Recently, the Ethiopian government launched a public health program designed to train more than 30,000 health extension workers and deploy them in villages around the country. PEPFAR is helping to fund the initiative and U.S. government officials said they expect the health workers will play a crucial role in bringing people back to HIV therapy.

One of the reasons patients abandon treatment in Ethiopia, doctors say, is that they can't afford the balanced diet that the drugs require. A tall man who speaks perfect Spanish because he was trained in Cuba, Garoma said hunger is the biggest concern among the 500 patients that were receiving PEPFAR-supported antiretroviral treatment in Āsela Hospital in May. "They ask us for food," he said. "What we do is send them to the church to see if they can help them."

Six to 13 million Ethiopians have shortages of food in their households, according to the World Food Programme.

Melissa Jones, a U.S. Agency for International Development official in Ethiopia, said PEPFAR's goal is to provide "quality [antiretroviral] services" and that includes addressing issues of malnutrition. Currently, the World Food Programme is receiving PEPFAR and USAID funds to feed 110,000 HIV patients in urban areas around the country.

For Sileshi Betelei, executive director of Dawn of Hope, an association of HIV-positive people, the key to a successful antiretroviral program in Ethiopia is to provide patients with work skills, help them find jobs and empower them to fight discrimination. "We tell them [donors]: Don't just hand [out] drugs," Betelei said.

Others worry about the future. They wonder whether the United States is building the public health program so that it can be sustained locally after foreign funding stops.

"Doctors … feel that if the programs are run by Americans for Americans in an American way, it isn't going to last," said Tatiana Shoumilina, UNAIDS Monitoring and Evaluation adviser in Ethiopia.

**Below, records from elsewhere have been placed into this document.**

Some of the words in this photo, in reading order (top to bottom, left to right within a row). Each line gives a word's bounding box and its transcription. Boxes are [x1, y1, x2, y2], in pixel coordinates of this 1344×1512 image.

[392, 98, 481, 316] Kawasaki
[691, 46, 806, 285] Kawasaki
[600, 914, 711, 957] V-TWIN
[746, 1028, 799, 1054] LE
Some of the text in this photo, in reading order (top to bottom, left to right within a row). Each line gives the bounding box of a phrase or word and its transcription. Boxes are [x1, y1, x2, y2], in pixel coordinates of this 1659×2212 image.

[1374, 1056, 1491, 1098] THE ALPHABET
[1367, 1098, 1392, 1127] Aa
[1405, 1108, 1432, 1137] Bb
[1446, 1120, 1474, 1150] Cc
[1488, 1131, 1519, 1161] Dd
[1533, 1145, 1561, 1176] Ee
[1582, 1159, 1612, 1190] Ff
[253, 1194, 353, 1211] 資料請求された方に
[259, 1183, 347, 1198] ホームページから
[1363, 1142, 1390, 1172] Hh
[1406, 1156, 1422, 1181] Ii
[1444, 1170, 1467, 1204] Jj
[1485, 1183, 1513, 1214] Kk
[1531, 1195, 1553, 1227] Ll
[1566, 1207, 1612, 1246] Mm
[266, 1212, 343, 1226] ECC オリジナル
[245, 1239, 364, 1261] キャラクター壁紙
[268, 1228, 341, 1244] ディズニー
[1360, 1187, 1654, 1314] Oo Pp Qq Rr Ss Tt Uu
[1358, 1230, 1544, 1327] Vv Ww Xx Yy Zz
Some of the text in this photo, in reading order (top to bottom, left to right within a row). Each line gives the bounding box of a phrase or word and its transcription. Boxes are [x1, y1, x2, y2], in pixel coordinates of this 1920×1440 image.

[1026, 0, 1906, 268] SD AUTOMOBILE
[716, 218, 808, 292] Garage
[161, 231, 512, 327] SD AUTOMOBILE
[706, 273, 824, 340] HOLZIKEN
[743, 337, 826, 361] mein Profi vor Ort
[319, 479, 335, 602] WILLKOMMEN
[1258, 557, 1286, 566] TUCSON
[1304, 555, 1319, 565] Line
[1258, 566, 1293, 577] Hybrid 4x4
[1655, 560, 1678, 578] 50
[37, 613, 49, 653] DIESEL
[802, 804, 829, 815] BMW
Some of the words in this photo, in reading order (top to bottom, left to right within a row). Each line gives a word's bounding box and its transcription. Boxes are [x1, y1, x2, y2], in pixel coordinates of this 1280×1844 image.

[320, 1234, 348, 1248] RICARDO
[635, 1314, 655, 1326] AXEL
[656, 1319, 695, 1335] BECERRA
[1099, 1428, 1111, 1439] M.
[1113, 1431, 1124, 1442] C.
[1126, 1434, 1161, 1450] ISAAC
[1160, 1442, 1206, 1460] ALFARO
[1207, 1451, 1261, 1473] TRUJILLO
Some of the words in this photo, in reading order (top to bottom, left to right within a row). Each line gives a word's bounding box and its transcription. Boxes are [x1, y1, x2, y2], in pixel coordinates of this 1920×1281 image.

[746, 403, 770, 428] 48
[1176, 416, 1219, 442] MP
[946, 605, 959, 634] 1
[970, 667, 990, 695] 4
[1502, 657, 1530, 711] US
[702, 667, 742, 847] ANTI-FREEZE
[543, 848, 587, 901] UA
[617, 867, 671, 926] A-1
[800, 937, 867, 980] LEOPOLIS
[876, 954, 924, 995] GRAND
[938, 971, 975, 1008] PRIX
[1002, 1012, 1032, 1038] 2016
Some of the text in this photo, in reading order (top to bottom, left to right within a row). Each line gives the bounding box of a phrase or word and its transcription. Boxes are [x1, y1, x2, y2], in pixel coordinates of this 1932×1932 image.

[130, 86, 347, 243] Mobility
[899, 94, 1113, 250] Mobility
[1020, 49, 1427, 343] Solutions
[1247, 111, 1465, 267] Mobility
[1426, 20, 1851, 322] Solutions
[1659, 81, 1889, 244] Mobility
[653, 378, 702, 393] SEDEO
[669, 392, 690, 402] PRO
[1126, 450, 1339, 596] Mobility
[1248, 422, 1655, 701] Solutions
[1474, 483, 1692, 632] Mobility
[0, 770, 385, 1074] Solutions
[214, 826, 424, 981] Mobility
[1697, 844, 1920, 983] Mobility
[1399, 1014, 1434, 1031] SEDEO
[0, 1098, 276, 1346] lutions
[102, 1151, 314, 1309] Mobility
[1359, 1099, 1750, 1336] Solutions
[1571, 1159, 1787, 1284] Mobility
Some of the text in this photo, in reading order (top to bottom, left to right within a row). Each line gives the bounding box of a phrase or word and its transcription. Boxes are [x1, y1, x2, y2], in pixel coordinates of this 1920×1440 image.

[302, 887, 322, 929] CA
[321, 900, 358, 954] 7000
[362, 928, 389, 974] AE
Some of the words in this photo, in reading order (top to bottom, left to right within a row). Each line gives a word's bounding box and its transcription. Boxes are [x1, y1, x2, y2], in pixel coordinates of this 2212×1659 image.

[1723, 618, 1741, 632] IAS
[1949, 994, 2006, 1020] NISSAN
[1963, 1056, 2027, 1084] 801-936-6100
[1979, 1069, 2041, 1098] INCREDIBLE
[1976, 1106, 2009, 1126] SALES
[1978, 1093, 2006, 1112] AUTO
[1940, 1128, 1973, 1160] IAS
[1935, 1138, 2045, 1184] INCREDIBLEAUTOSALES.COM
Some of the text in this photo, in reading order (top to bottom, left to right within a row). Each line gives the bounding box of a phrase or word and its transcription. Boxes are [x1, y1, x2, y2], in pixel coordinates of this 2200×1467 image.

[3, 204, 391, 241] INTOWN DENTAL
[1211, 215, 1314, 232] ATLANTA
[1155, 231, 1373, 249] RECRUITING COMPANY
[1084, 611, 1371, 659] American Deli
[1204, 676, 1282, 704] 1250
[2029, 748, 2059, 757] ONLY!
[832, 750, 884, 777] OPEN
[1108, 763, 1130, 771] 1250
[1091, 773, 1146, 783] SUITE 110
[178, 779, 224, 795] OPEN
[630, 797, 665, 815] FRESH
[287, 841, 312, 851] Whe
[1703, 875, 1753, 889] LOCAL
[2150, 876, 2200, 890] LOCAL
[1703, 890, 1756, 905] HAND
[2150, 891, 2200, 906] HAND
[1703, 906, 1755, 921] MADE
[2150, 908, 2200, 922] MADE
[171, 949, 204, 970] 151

Daniel, the Management Sciences for Health official, said concerns about sustainability are legitimate. "You can't blame them," he said in an interview in Zewditu Hospital, where his agency has improved the pharmacy and built individual booths to protect patients' privacy when they pick up their medicines. He says that the Ethiopian government, and ultimately the Ethiopian people, own the programs his organization is helping implement. "But the way the [Ethiopian] government does business, you can't get things done," he added. "So you have to come and lead them."

The directors of the Zewditu and Āsela hospitals, Gossa and Garoma, said the Ethiopian government should step up to assure the continuity of the program. "Bush's help can't last forever," said Garoma. "Our own government should build capacity to continue this program."

Shoumilina said a combination of a sense of urgency and long-term vision is needed. "Yes, there is a sense of urgency. Yes, I have helped 15 people today, what about 115 tomorrow? Who is going to help them? What did I do?"

The night falls almost abruptly in Āsela, and it's raining outside. Inside the hospital, a timid light illuminates the hallways but the rooms are dark. A skinny woman sits on her bed, her head covered with a red scarf, her eyes fixed in the wall.

"There are more HIV cases in this area than we imagine," said Garoma, opening the door to the nurses' station, where inpatients' medicines were neatly arranged in small, individual containers, ready to be delivered to their rooms.

Almost every one of the 28 inpatients in the internal medicine unit was getting the same long, pink pills.

"Those are our HIV patients," Garoma said.